→ **Information**
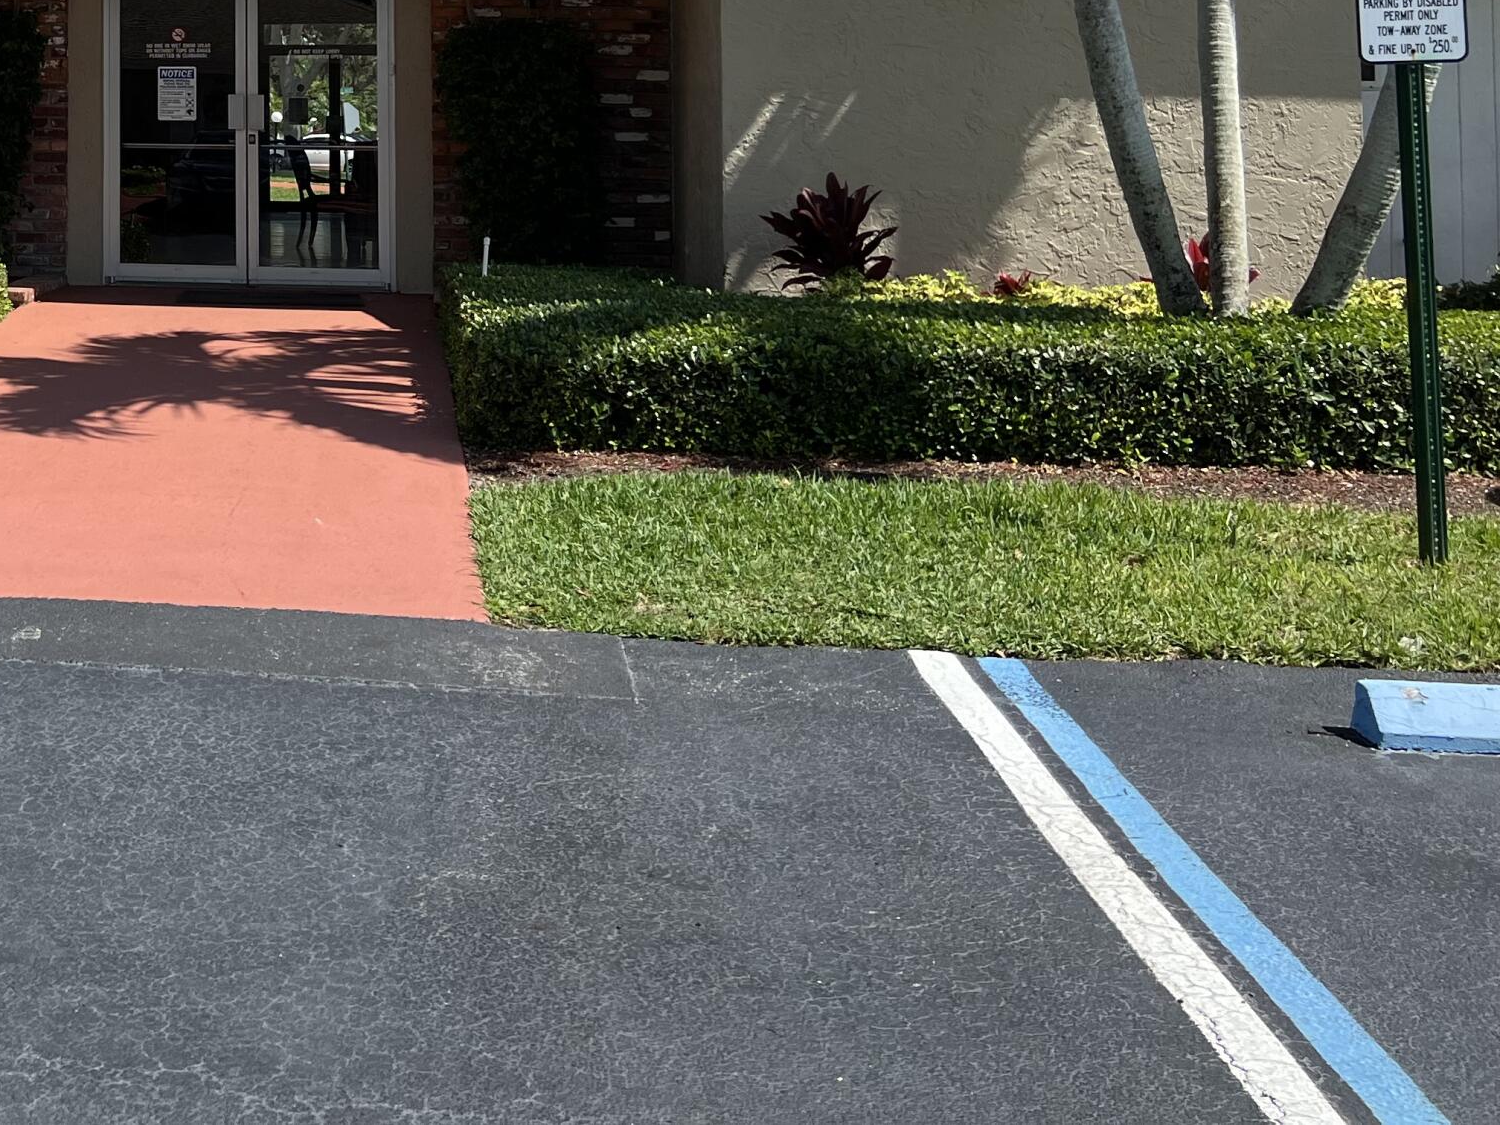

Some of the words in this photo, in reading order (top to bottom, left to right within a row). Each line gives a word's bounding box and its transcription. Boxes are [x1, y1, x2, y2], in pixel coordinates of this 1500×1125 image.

[1383, 10, 1414, 21] PERMIT
[1417, 9, 1439, 20] ONLY
[1377, 25, 1421, 36] TOW-AWAY
[1425, 24, 1448, 35] ZONE
[1368, 44, 1374, 55] &
[1378, 44, 1397, 55] FINE
[1401, 43, 1412, 54] UP
[1415, 43, 1426, 53] TO
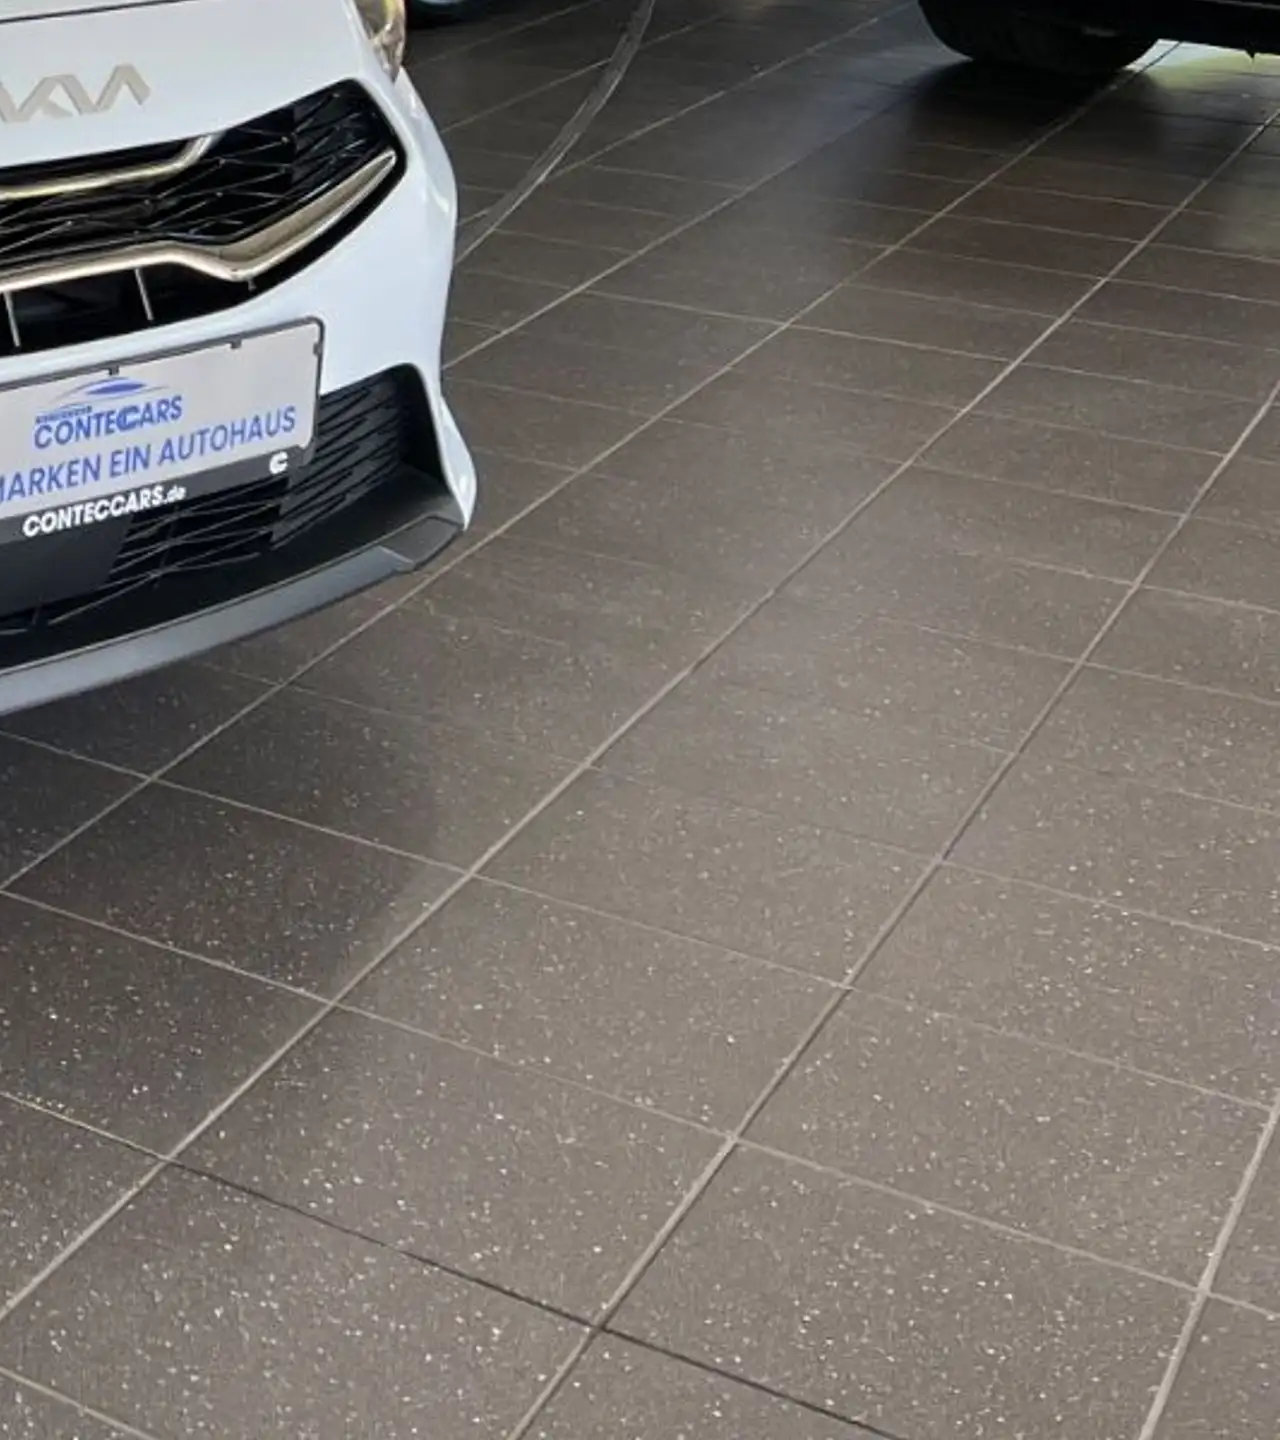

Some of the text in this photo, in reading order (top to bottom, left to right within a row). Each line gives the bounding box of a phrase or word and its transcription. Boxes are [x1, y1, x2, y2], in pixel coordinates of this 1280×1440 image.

[109, 444, 151, 478] EIN
[158, 406, 296, 466] AUTOHAUS
[23, 485, 187, 537] CONTECCARS.de

→ **Instructions to follow**
Transcribe nothing except the lines from the one with "Some of the text" through the end of the data above, each exactly as it appears.

→ **Answer to this problem**
Some of the text in this photo, in reading order (top to bottom, left to right within a row). Each line gives the bounding box of a phrase or word and its transcription. Boxes are [x1, y1, x2, y2], in pixel coordinates of this 1280×1440 image.

[109, 444, 151, 478] EIN
[158, 406, 296, 466] AUTOHAUS
[23, 485, 187, 537] CONTECCARS.de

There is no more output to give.